Jeune fille donnant un coup de poing avec un gant de boxe à un garçon

Les pires comportements de voyageurs en dortoir

 

Lorsqu’on voyage longtemps et que l’on souhaite économiser sur le logement, il faut souvent avoir recours aux auberges de jeunesse. Dans ces hébergements bon marché, on partage souvent un dortoir avec d’autres voyageurs. Et dans ces dortoirs, on est parfois témoin de comportements… Bizarres, drôles, voire carrément énervants ! Petit Best Of des pires comportements de voyageurs en dortoir que j’ai observé.


 

On peut dire que j’en ai écumé des chambres partagées au cours de ma longue carrière de voyageur.
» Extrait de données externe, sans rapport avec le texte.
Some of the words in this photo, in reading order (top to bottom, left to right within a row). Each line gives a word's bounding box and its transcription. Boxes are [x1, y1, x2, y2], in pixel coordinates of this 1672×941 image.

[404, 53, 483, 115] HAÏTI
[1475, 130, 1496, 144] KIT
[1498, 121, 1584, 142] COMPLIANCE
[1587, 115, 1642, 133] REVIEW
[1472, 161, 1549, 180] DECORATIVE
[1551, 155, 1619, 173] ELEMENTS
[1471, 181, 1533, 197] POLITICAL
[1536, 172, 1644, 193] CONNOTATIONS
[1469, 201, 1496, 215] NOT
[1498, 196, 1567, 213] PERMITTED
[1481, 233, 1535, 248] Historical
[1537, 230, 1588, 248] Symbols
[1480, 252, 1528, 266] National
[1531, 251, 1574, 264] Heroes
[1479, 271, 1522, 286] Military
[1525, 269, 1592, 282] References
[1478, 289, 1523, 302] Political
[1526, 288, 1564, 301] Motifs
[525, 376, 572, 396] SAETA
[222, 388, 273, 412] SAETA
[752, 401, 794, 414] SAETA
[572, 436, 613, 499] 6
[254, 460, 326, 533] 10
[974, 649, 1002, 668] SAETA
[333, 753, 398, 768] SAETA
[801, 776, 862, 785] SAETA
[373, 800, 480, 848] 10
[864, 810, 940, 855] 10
Tellement que je pourrais presque prétendre aujourd’hui être devenu un expert en « colocation temporaire et involontaire de voyage ». Temporaire, parce que c’est souvent l’espace de quelques jours. Et involontaire, car l’on ne choisit pas ses colocataires Backpackers. Souvent pour le meilleur, mais parfois pour le pire !

Ah je peux vous dire que tavernier voyager… Ce n’est pas – toujours – une sinécure ! (#La Botte Secrète, Kaamelott)

 

_Les libidineux

Un couple qui fait l’amour dans un dortoir : un classique ! Deux cas de figure souvent :

  • Il y a ceux qui viennent de se rencontrer et qui n’ont nulle part où aller pour consommer leur idylle naissante. On pourrait leur reprocher leur manque d’organisation, mais souvent ce genre de choses ne se décident pas à l’avance, alors difficile de leur jeter la pierre. Seulement on a juste envie qu’ils terminent rapidement leur affaire.
  • Et il y a ceux qui sont déjà en couple, mais qui décident tout de même de dormir en dortoir. Chambres individuelles déjà prises, trop chères, envie d’échanger avec les autres voyageurs (heu, de quoi il parle?!), ils doivent bien avoir une raison…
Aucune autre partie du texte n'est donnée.